The genesis of Rabbi Misha Shulman’s one-person play, “Pharaoh,” was in the small village of Muzhikulam in southern India. In 2008, he traveled there to watch a 15-day play performed in the ancient theater form, Kudiyatam. Villagers and others would gather every evening in the open-air theater to watch the performance for about five hours, sitting a few feet away from the one man on stage.
“It’s riveting. And the slowest thing you’ve ever witnessed,” the writer and actor says in an interview, adding, “It was the best thing I had seen in my life.”
Watching closely and soaking it in deeply, he realized that he wanted to approximate the experience for a Western audience.

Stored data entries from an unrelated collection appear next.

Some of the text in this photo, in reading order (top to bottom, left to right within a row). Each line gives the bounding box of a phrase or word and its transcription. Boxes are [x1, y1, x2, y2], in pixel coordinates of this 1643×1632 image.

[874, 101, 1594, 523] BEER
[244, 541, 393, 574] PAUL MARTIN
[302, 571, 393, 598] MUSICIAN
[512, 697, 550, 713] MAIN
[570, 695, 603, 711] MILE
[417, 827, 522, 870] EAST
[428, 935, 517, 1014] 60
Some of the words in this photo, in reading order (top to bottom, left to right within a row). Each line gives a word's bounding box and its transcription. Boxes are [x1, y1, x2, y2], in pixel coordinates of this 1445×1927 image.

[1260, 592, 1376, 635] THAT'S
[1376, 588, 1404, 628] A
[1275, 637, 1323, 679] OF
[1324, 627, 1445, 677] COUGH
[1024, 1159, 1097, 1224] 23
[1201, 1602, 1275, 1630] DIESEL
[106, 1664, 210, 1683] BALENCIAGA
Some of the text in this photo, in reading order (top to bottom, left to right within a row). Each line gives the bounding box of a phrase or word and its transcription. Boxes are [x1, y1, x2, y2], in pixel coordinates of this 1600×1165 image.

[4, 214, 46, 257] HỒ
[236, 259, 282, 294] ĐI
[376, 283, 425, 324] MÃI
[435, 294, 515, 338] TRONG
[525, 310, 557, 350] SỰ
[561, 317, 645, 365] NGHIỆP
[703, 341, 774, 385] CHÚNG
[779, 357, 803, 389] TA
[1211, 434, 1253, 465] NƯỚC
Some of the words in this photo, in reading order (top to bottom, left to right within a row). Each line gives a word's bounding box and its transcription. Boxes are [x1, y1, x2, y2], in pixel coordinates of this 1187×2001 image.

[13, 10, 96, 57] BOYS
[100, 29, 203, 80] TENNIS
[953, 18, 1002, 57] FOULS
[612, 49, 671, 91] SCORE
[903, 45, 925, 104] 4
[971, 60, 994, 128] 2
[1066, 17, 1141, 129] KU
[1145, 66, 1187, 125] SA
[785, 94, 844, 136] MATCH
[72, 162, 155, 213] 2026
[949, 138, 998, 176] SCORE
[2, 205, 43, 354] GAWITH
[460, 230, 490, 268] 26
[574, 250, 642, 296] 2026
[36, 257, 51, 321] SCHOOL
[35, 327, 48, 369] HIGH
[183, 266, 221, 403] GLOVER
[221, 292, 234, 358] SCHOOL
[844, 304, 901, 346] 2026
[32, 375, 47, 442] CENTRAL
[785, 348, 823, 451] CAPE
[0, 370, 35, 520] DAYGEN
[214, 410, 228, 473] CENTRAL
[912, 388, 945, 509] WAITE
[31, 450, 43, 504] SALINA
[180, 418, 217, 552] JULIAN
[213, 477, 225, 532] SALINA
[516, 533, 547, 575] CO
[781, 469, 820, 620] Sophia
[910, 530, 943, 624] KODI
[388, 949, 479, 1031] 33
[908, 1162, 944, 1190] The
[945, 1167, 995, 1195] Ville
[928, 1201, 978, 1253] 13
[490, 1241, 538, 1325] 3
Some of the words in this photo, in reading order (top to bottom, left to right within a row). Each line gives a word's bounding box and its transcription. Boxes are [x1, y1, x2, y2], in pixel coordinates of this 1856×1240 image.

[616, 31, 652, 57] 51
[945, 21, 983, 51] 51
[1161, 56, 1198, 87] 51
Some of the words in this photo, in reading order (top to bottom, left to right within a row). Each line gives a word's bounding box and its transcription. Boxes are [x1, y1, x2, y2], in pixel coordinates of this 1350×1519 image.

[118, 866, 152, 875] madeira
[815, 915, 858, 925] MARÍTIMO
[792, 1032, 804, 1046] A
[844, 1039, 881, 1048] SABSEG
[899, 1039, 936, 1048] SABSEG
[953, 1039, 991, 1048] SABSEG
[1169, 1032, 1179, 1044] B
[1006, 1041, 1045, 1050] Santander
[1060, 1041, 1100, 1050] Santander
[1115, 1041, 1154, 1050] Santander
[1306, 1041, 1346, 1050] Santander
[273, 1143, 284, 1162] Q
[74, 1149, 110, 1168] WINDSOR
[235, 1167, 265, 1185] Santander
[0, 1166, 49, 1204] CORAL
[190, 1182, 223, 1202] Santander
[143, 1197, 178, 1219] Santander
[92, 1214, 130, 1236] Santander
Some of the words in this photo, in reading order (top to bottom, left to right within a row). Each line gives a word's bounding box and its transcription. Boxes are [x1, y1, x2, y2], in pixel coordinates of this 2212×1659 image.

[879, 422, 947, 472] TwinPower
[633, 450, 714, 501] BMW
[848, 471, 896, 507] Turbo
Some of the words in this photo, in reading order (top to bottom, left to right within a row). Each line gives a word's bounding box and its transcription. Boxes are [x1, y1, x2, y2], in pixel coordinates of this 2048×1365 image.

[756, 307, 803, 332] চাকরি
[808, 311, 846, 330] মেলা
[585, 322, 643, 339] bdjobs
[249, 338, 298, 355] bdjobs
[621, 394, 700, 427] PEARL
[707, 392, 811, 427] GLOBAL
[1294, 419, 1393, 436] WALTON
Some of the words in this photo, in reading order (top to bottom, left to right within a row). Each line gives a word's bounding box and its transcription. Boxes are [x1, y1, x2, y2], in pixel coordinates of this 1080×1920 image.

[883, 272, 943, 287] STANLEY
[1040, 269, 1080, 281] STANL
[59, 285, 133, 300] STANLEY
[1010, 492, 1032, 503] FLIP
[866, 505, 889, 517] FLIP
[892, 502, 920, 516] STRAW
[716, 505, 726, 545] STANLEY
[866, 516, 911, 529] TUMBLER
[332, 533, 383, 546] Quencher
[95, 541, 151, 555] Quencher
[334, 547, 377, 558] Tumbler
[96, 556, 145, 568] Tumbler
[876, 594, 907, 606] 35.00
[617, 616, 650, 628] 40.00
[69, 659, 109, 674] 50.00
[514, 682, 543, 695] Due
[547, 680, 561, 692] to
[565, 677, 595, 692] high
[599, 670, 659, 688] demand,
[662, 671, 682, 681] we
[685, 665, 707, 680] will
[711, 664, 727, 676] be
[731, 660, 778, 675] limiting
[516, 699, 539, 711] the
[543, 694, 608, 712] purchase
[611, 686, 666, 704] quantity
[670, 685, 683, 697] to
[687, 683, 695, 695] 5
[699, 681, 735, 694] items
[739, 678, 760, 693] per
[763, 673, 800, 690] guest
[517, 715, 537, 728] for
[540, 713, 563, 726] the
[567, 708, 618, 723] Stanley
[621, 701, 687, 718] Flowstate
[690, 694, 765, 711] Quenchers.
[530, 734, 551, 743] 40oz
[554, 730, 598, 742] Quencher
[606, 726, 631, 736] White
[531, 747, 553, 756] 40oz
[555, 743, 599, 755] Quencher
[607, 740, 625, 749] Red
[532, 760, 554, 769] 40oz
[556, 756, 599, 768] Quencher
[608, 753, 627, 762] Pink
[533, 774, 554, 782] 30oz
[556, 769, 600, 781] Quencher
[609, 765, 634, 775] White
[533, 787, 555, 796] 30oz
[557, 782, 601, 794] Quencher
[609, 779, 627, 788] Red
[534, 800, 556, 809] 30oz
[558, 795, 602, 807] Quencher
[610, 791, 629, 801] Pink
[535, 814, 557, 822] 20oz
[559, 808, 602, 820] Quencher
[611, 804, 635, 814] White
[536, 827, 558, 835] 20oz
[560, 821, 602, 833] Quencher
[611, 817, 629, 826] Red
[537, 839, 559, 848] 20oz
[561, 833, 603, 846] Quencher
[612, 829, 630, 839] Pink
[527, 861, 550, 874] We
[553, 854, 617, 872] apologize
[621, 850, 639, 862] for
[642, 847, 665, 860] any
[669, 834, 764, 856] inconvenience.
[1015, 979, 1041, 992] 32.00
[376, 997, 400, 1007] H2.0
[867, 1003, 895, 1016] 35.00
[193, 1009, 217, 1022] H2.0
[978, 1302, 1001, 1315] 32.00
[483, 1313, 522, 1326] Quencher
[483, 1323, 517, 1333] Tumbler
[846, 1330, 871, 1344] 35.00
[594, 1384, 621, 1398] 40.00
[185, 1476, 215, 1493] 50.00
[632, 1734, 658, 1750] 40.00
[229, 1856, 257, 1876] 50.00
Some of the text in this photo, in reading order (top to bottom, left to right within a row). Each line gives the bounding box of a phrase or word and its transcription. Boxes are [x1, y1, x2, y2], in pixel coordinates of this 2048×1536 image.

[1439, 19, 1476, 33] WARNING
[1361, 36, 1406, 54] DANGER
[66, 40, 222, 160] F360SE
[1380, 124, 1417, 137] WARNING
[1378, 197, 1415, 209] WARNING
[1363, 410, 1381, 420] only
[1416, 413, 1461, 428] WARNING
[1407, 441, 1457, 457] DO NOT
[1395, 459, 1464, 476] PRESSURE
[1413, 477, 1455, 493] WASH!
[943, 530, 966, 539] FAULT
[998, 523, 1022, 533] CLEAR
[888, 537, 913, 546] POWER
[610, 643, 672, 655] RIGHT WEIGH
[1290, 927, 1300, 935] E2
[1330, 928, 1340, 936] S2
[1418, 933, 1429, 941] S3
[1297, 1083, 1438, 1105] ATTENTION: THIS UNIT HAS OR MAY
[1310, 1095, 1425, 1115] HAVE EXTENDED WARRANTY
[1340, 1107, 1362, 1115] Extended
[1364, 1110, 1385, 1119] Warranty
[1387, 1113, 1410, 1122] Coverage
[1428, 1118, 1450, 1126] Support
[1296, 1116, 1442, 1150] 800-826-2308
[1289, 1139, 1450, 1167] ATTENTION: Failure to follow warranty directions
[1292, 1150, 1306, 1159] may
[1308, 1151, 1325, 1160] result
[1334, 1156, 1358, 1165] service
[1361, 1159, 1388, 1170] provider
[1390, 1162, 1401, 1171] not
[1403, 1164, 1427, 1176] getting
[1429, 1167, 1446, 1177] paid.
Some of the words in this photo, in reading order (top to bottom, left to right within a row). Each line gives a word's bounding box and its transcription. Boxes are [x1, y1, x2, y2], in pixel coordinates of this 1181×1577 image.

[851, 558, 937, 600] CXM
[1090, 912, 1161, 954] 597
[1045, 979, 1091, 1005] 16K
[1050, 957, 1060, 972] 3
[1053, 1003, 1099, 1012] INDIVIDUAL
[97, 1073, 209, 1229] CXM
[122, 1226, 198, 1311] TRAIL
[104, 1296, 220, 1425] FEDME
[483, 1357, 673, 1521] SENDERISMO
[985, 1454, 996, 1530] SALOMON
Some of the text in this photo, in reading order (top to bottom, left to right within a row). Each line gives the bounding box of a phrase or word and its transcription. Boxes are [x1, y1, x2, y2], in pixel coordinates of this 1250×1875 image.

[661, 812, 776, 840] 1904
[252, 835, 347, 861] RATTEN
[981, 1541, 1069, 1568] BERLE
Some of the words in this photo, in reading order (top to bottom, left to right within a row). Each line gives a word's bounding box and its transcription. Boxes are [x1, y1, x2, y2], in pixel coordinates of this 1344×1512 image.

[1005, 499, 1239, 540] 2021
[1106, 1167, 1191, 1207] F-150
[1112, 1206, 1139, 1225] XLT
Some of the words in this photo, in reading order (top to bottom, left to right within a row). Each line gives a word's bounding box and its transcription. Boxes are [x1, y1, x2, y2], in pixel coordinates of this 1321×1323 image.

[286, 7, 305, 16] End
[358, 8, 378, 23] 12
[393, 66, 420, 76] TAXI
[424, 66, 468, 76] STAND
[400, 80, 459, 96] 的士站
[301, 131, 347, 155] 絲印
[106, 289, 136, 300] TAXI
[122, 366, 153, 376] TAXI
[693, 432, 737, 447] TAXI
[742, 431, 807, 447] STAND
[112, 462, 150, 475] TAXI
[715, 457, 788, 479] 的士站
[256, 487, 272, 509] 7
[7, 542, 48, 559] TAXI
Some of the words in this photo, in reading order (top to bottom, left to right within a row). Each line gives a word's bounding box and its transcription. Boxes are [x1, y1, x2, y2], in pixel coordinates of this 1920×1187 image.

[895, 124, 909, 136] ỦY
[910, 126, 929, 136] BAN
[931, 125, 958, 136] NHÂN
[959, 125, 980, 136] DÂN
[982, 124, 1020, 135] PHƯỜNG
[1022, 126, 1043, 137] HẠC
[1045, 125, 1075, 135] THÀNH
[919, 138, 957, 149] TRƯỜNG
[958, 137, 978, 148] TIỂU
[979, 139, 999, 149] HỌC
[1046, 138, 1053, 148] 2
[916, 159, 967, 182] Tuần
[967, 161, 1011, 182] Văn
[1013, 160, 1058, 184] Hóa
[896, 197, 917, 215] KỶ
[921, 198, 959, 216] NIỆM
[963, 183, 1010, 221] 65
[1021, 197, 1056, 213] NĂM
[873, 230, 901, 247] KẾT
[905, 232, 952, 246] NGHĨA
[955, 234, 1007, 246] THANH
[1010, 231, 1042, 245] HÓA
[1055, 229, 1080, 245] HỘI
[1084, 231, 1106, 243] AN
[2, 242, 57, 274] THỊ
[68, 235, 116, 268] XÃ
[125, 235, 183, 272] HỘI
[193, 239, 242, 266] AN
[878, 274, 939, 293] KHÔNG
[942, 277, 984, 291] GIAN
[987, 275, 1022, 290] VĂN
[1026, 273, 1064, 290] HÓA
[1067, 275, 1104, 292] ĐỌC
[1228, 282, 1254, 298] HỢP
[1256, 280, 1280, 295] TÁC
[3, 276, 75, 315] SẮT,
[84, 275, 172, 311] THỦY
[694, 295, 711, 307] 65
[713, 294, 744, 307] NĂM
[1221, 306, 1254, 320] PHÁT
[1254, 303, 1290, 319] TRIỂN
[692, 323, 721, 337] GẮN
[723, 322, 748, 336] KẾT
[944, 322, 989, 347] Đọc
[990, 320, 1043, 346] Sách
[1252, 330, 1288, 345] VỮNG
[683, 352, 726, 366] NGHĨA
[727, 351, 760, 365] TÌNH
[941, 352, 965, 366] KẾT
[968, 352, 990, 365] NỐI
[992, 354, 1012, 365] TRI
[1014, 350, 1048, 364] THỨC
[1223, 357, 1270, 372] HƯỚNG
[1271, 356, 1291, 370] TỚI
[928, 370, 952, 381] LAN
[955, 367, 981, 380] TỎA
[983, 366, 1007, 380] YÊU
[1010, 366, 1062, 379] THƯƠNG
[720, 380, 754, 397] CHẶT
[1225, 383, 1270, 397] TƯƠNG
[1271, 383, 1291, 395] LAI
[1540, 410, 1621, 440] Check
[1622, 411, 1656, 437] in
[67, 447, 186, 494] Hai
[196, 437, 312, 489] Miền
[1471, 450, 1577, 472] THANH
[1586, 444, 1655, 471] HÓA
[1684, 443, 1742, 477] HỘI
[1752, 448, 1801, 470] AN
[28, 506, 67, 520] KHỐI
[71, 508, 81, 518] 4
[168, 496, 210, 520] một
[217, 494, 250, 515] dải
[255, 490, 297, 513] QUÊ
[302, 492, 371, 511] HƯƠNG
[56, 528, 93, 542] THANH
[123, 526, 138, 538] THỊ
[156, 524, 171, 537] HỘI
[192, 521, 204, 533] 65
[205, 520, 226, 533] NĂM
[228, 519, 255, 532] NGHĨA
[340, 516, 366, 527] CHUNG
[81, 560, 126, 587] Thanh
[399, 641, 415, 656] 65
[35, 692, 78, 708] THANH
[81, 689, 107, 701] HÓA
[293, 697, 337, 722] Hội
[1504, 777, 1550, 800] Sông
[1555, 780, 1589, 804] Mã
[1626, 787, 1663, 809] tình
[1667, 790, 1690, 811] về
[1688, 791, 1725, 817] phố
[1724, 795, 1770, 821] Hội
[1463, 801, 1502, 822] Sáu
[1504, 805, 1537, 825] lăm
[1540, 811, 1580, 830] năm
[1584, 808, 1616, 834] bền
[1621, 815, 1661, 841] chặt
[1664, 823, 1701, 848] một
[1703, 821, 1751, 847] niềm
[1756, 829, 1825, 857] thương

The traditional Kudiyatam performer uses facial gestures and sign language unique to the form — which is an Indian national treasure — to dramatize and improvise one act from the Hindu holy book. The actor does some chanting in Sanskrit, accompanied by drummers. Dating back 2,000 years, it is said to be the oldest theater form still in practice.
“That play was about a 10-headed demon God. What was beautiful is that you get to be with this mythical bad guy for so long and fall in love. I needed a bad guy that everyone knew, and I landed on Pharaoh,” Rabbi Shulman says.
For 11 years, he has been working on “Pharaoh,” which will have its world premiere next week at Theater for the New City. This is the world of Egypt and the Exodus — and the lines we recount at the Passover seder — brought to life anew through the eyes and sensibility of Pharaoh. The play is Indian-inspired, Torah-influenced, creatively concocted. Rabbi Shulman workshopped it in Toronto, where he was the artistic director of a theater, and later did a staged reading at the 14th Street Y, where he was a LABA fellow
“I needed to get it right,” he says, about the long birthing period.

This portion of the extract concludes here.